Dose–response relation of magnesium for cardioversion of atrial fibrillation/flutter in combination with ibutilide. Originally published in 2003, American Society of Health‐System Pharmacists, Inc. All rights reserved. Reprinted with permission from reference 106 (R1609).

Figure 3

Dose–response relation of magnesium for cardioversion of atrial fibrillation/flutter in combination with ibutilide. Originally published in 2003, American Society of Health‐System Pharmacists, Inc. All rights reserved. Reprinted with permission from reference 106 (R1609).

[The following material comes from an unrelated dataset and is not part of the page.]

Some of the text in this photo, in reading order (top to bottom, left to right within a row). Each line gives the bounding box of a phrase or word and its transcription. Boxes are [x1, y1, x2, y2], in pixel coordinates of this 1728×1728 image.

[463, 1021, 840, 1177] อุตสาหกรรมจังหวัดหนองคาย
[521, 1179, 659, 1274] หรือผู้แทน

Clinical trial data supporting these findings are limited. Steinwender et al.111 randomized 117 patients with persistent atrial flutter to receive either 4 g of i.v. magnesium or placebo immediately preceding ibutilide administration for chemical cardioversion. The primary endpoint or successful conversion to sinus rhythm within 4 h of the procedure occurred in 85% of the magnesium patients vs. 59% of the placebo patients (P = 0.017). This difference was most notable in patients with typical (P = 0.017) vs. atypical atrial flutter (P = 0.189). Interestingly, although the QTc interval significantly increased from baseline following ibutilide administration, no post-dose differences were seen between the magnesium and placebo groups (P= 0.139). These findings are inconsistent with the pilot and observational data previously discussed. A number of questions remain regarding the role of adjunctive magnesium in AF/flutter patients undergoing chemical cardioversion. The optimal dosage of magnesium, route of administration (i.v. or oral), and duration of therapy all remain unanswered in this population. Given the promise of the current body of evidence, there is a critical need for both mechanistic as well as clinical outcome-based trials to help inform this practice.

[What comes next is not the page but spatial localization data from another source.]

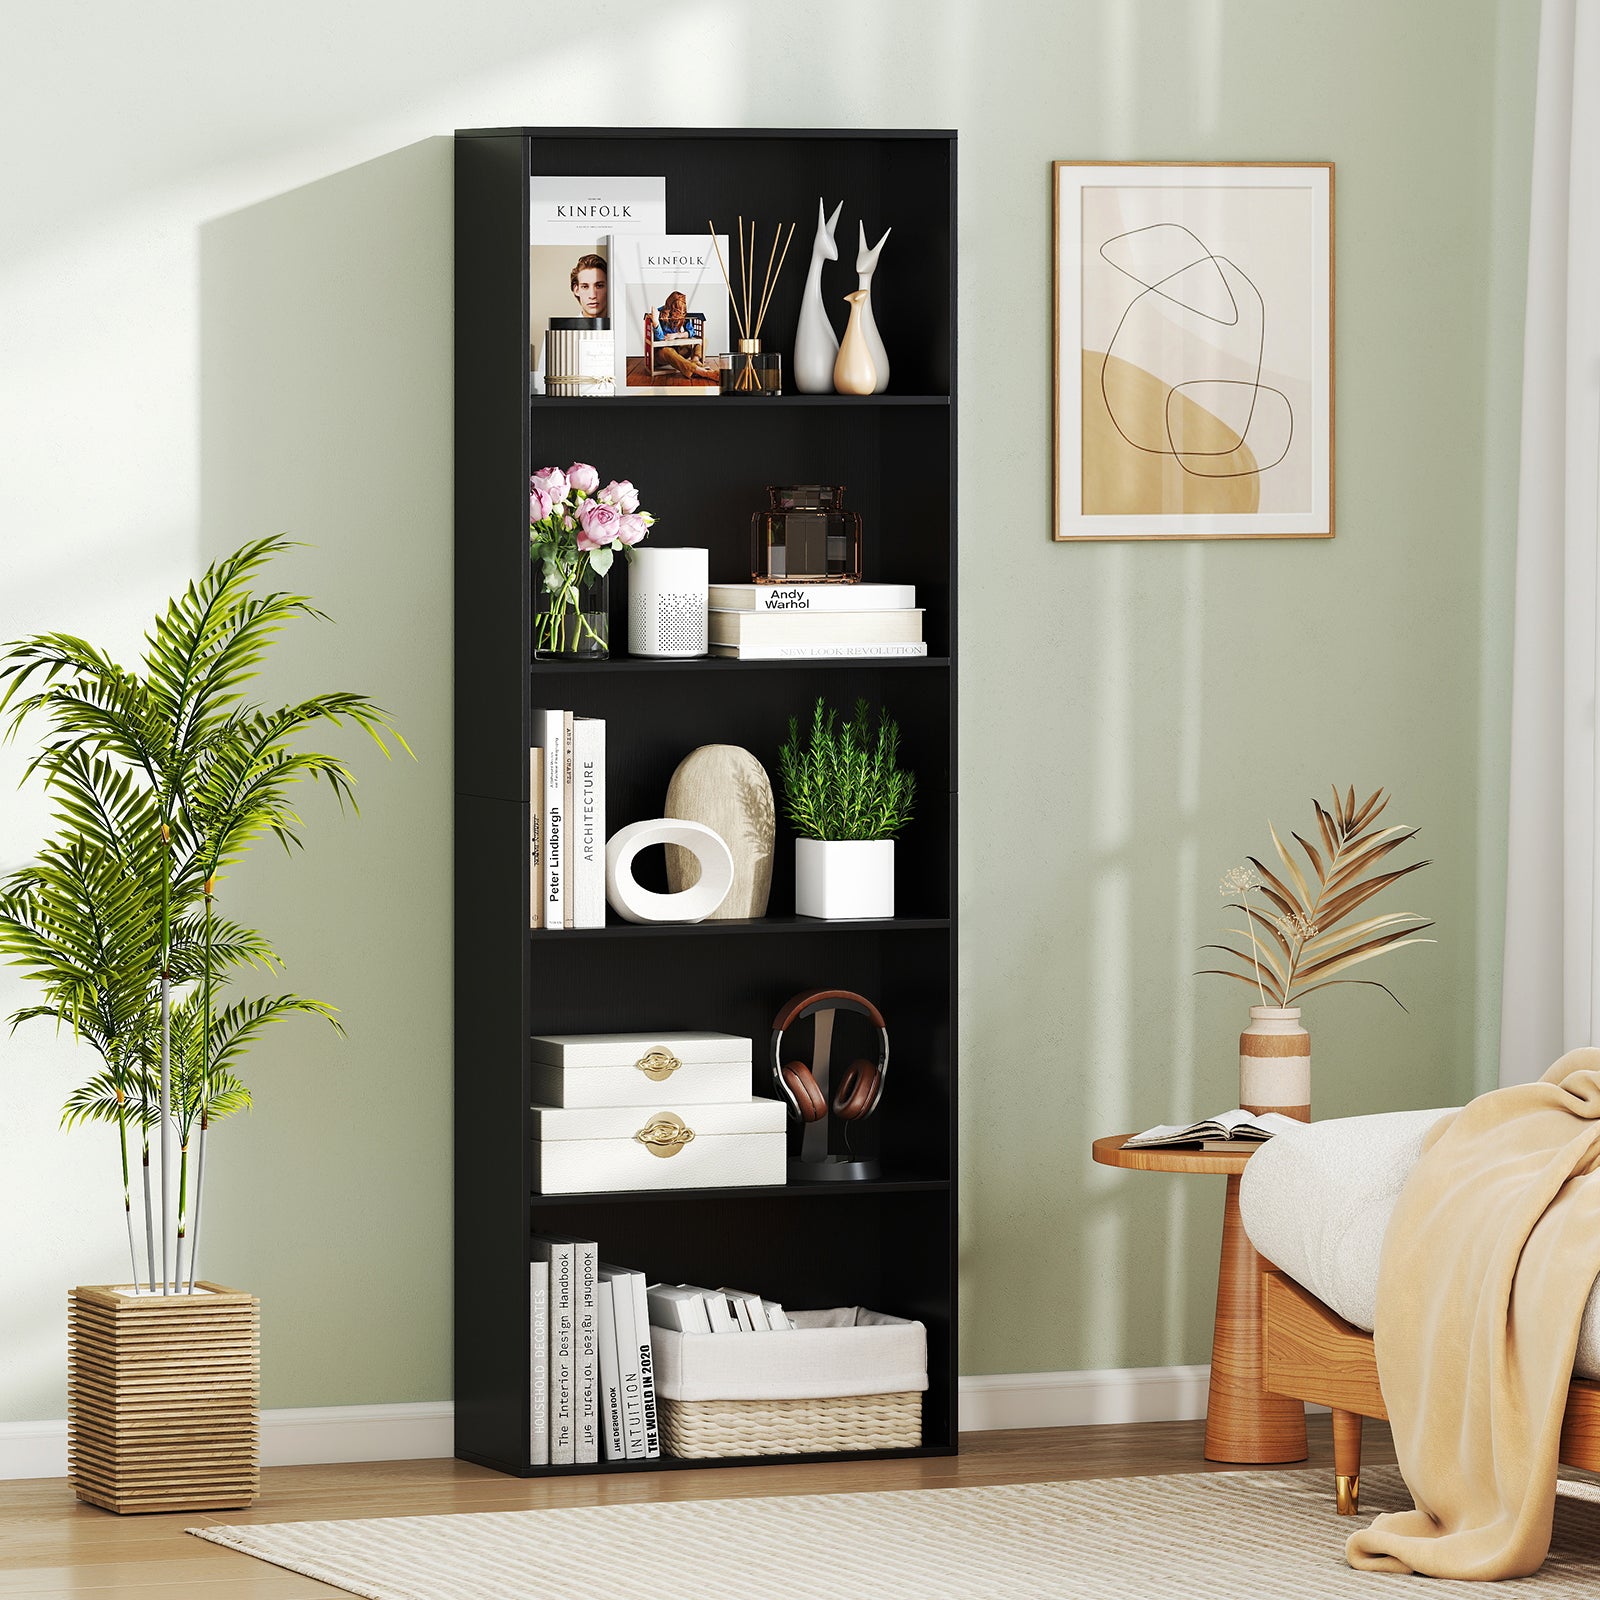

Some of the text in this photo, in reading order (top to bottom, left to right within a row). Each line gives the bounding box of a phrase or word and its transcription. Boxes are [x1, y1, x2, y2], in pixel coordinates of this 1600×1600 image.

[557, 205, 632, 217] KINFOLK
[648, 256, 704, 266] KINFOLK
[765, 599, 810, 609] Warhol
[770, 589, 805, 601] Andy
[780, 645, 923, 656] NEW LOOK REVOLUTION
[583, 761, 594, 862] ARCHITECTURE
[549, 807, 562, 902] Peter Lindbergh
[534, 1289, 545, 1434] HOUSEHOLD DECORATES
[558, 1253, 571, 1447] The Interior Design Handbook
[626, 1373, 643, 1454] INTUITION
[640, 1345, 658, 1454] THE WORLD IN 2020

Studies have also evaluated whether chronic oral magnesium improves the efficacy and safety of antiarrhythmic agents. McBride et al.112 randomized 34 patients with either atrial or ventricular tachyarrhythmias receiving sotalol or dofetilide to receive twice-daily magnesium l-lactate (504 mg elemental magnesium daily) or placebo for 48 h. The intracellular magnesium concentration, which was low in 63% of participants regardless of the experimental group, significantly increased in the magnesium group (P = 0.002) and was unchanged with placebo (P = 0.32). Magnesium significantly reduced the QTc interval from baseline at both 3 and 51 h vs. placebo (P = 0.015 and P = 0.001, respectively). The investigators also calculated the Tpeak–Tend interval which is a marker of transmural dispersion of repolarization.113 Decreases in dispersion within the myocardium have been suggested to reduce TdP risk.114 A non-significant reduction in Tpeak–Tend was seen in the magnesium group (P = 0.293). Taken together, this pilot study showed that giving three tablets twice daily of magnesium l-lactate (providing 504 mg elemental magnesium daily) to arrhythmia patients receiving sotalol or dofetilide corrected the intracellular magnesium concentration and shortened their QTc interval.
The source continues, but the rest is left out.